* _Source material_:
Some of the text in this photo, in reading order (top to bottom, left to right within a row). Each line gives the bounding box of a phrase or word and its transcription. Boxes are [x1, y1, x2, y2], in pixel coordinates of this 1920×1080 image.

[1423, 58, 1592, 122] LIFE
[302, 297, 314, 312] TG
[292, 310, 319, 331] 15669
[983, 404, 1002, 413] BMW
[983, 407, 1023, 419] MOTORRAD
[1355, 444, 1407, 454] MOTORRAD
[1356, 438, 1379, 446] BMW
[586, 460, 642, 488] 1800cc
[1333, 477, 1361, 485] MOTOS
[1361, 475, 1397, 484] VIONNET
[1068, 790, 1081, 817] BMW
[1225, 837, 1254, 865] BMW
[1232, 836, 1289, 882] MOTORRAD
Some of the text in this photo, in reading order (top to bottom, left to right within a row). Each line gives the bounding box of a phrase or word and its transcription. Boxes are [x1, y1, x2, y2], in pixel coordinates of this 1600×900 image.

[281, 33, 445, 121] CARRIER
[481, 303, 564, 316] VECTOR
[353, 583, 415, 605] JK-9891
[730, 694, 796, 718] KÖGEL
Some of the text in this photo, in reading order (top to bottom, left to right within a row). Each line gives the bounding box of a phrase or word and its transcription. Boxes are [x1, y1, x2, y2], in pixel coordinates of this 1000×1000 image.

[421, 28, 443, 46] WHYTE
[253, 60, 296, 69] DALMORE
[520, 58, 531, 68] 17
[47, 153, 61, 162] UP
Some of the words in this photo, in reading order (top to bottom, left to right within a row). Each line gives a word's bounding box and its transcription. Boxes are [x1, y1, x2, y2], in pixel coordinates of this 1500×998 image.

* _Work instructions_:
Exact copies of every record are required, so retype them in full.

* _Reply_:
Some of the text in this photo, in reading order (top to bottom, left to right within a row). Each line gives the bounding box of a phrase or word and its transcription. Boxes are [x1, y1, x2, y2], in pixel coordinates of this 1920×1080 image.

[1423, 58, 1592, 122] LIFE
[302, 297, 314, 312] TG
[292, 310, 319, 331] 15669
[983, 404, 1002, 413] BMW
[983, 407, 1023, 419] MOTORRAD
[1355, 444, 1407, 454] MOTORRAD
[1356, 438, 1379, 446] BMW
[586, 460, 642, 488] 1800cc
[1333, 477, 1361, 485] MOTOS
[1361, 475, 1397, 484] VIONNET
[1068, 790, 1081, 817] BMW
[1225, 837, 1254, 865] BMW
[1232, 836, 1289, 882] MOTORRAD
Some of the text in this photo, in reading order (top to bottom, left to right within a row). Each line gives the bounding box of a phrase or word and its transcription. Boxes are [x1, y1, x2, y2], in pixel coordinates of this 1600×900 image.

[281, 33, 445, 121] CARRIER
[481, 303, 564, 316] VECTOR
[353, 583, 415, 605] JK-9891
[730, 694, 796, 718] KÖGEL
Some of the text in this photo, in reading order (top to bottom, left to right within a row). Each line gives the bounding box of a phrase or word and its transcription. Boxes are [x1, y1, x2, y2], in pixel coordinates of this 1000×1000 image.

[421, 28, 443, 46] WHYTE
[253, 60, 296, 69] DALMORE
[520, 58, 531, 68] 17
[47, 153, 61, 162] UP
Some of the words in this photo, in reading order (top to bottom, left to right within a row). Each line gives a word's bounding box and its transcription. Boxes are [x1, y1, x2, y2], in pixel coordinates of this 1500×998 image.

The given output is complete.